We note that the hearing officer stated on the record that she was admitting as part of Hearing Officer’s Exhibit No. 3 the Request for Designated Doctor (DWC-32). However, the file contains no DWC-32 admitted into evidence. On remand, the hearing officer is to include with the record the DWC-32 that she admitted into evidence.
The hearing officer is to ensure that the designated doctor is furnished with all the claimant’s relevant medical records, which include, but are not limited to, the records of evaluation or treatment subsequent to the date of the last designated doctor’s exam on January 10, 2012, including reports from a chronic pain management program, steroid injections, and left wrist surgery/recommendations for surgery.
The hearing officer is to advise the designated doctor that the compensable injury of [date of injury], includes a left wrist contusion, left wrist sprain/strain, bone contusion of the left scaphoid (as accepted by the carrier) and a left wrist median nerve injury and left CTS (as administratively determined by the Division).

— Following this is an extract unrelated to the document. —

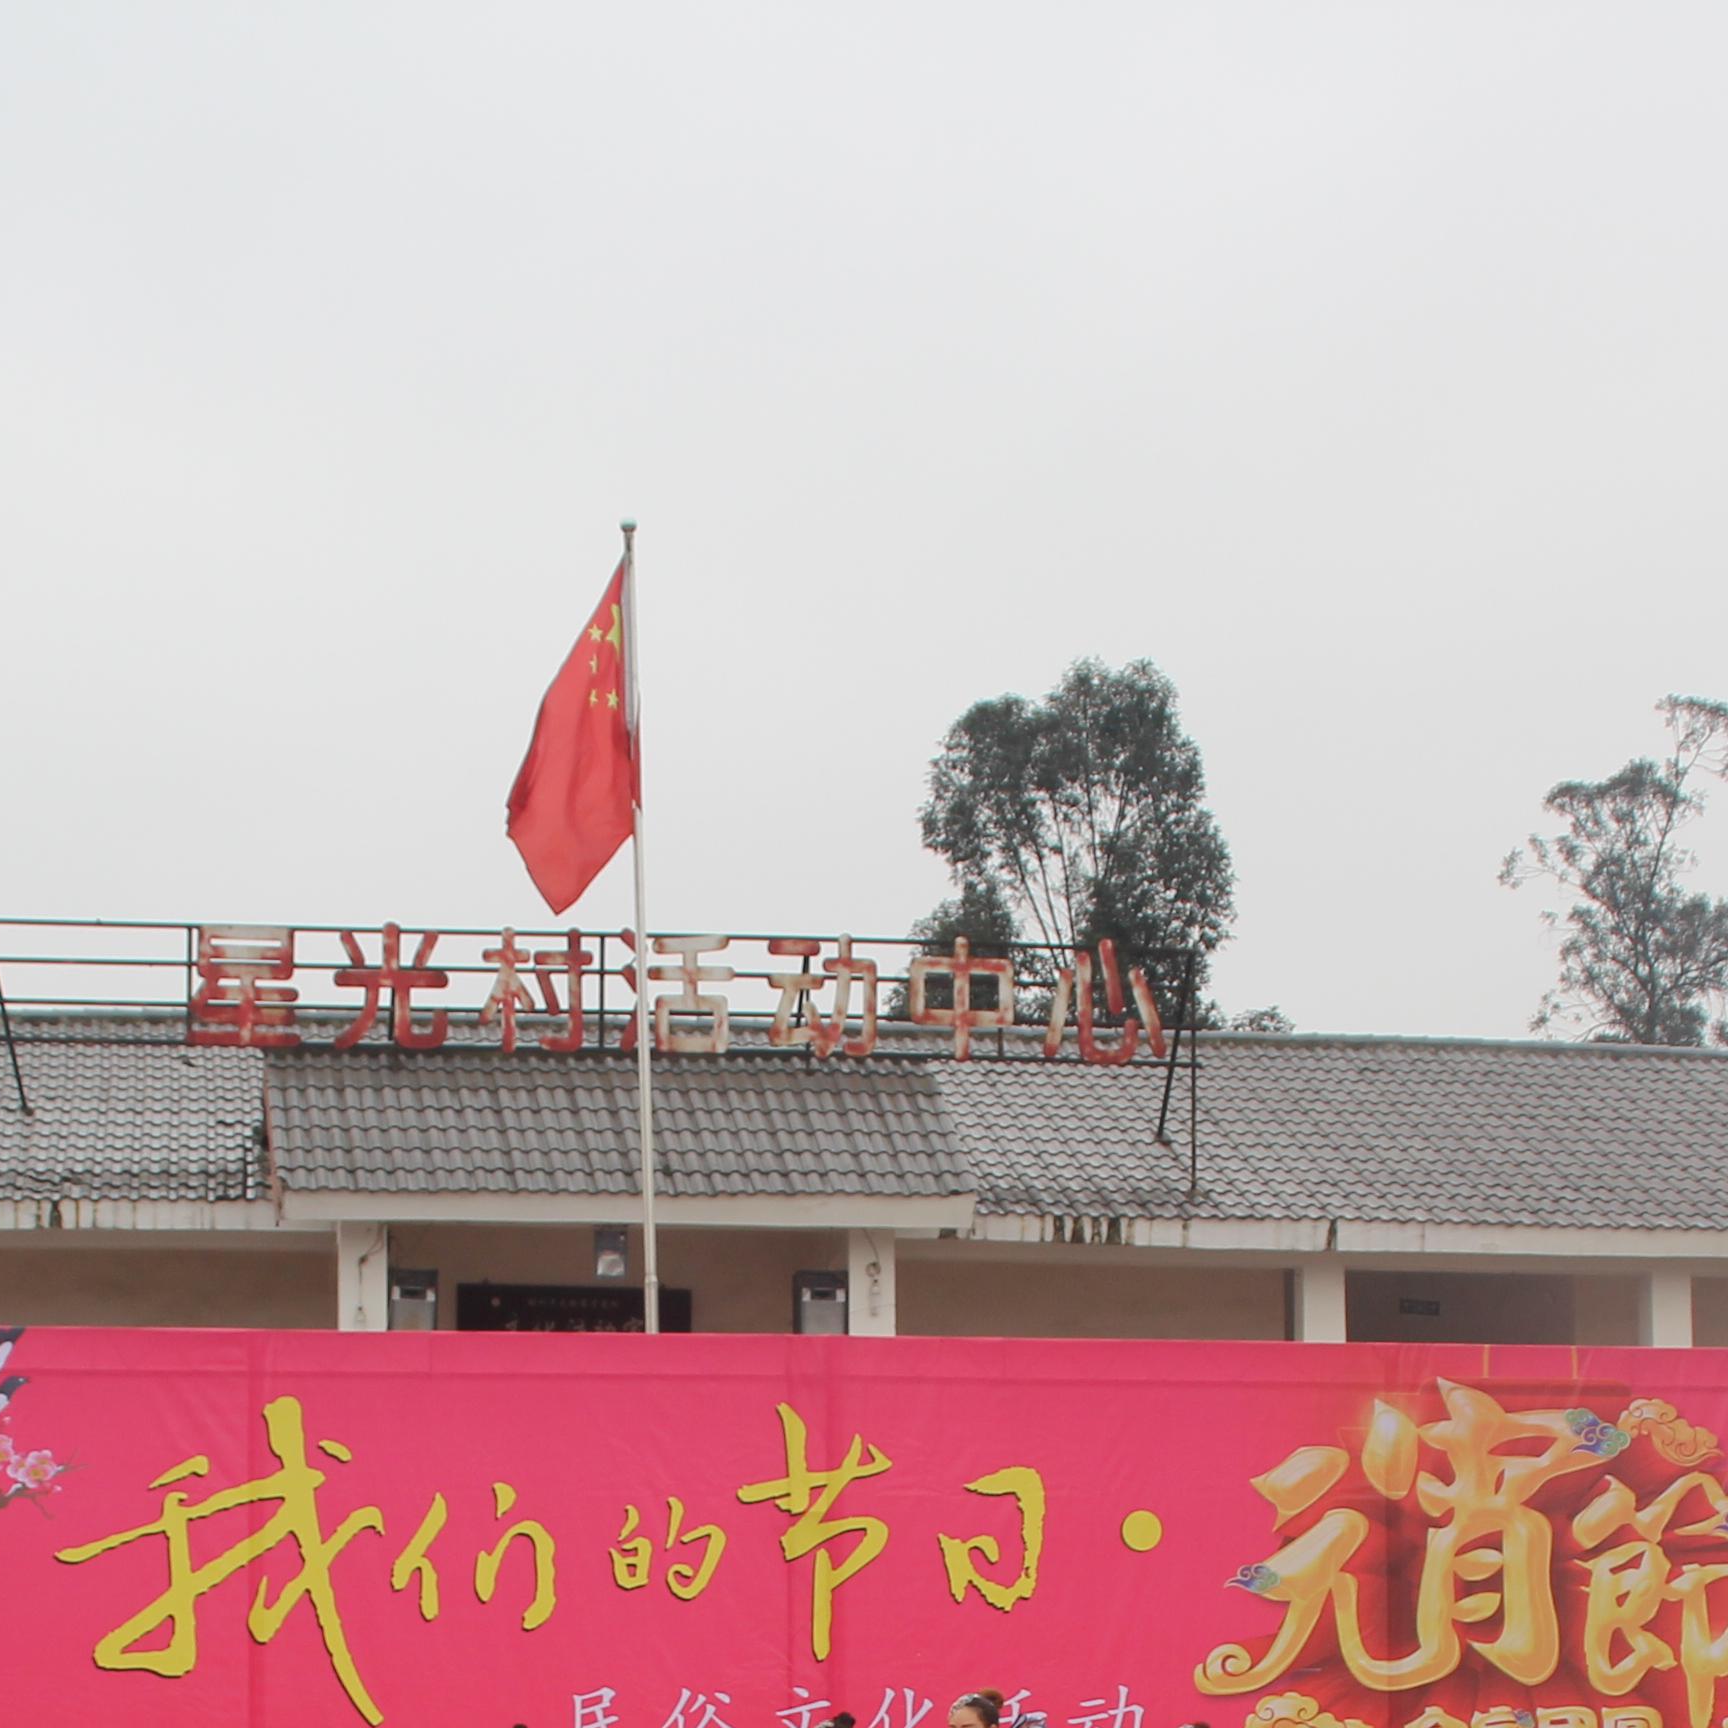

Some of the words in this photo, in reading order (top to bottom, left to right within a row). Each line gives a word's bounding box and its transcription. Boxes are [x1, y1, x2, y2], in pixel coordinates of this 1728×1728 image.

The hearing officer is to advise the designated doctor that Rule 130.1(c)(3) provides that the doctor assigning the IR shall: (A) identify objective clinical or laboratory findings of permanent impairment for the current compensable injury; (B) document specific laboratory or clinical findings of an impairment; (C) analyze specific clinical and laboratory findings of an impairment; and (D) compare the results of the analysis with the impairment criteria and provide the following: (i) [a] description and explanation of specific clinical findings related to each impairment, including zero percent [IR]; and (ii) [a] description of how the findings relate to and compare with the criteria described in the applicable chapter of the AMA Guides. The doctor’s inability to obtain required measurements must be explained.
The designated doctor is to be requested to re-examine the claimant and to determine whether the claimant has reached MMI and, if so, assign an IR for the claimant’s compensable injury of [date of injury], based on the claimant’s condition as of the MMI date considering the claimant’s medical record and the certifying examination. The designated doctor is to clarify whether the assigned impairment for the left wrist results strictly from a peripheral nerve lesion or if restricted motion cannot be attributed to a peripheral nerve lesion.

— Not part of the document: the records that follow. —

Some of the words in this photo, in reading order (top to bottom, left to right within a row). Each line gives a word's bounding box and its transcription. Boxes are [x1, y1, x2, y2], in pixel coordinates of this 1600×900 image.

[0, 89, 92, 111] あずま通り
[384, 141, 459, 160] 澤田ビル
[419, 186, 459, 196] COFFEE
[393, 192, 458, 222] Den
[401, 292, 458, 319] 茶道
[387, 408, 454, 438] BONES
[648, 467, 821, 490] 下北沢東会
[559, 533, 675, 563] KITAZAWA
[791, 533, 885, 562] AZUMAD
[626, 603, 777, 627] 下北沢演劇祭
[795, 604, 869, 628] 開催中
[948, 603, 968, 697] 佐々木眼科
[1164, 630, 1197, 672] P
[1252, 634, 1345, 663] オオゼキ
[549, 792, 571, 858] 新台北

After the designated doctor re-examines the claimant and submits a new certification of MMI and IR, the parties are to be provided with the designated doctor’s DWC-69 and narrative report. The parties are to be allowed an opportunity to respond. The hearing officer is then to make a determination on MMI and IR consistent with this decision.
Pending resolution of the remand, a final decision has not been made in this case. However, since reversal and remand necessitate the issuance of a new decision and order by the hearing officer, a party who wishes to appeal from such new decision must file a request for review not later than 15 days after the date on which such new decision is received from the Division, pursuant to Section 410.202 which was amended June 17, 2001, to exclude Saturdays and Sundays and holidays listed in Section 662.003 of the Texas Government Code in the computation of the 15-day appeal and response periods. APD 060721, decided June 12, 2006.
The true corporate name of the insurance carrier is ACE AMERICAN INSURANCE COMPANY and the name and address of its registered agent for service of process is
CT CORPORATION SYSTEMS
350 NORTH ST. PAUL STREET
DALLAS, TEXAS 75201.
Cynthia A. Brown
Thomas A. Knapp
Margaret L. Turner
We note that the hearing officer stated on the record that the EES-14s in this case are a portion of Hearing Officer’s Exhibit No. 3. There are two EES-14s admitted as the claimant and carrier exhibits. The hearing officer did not indicate on these exhibits that the EES-14s were also admitted as a part of Hearing Officer’s Exhibit No. 3.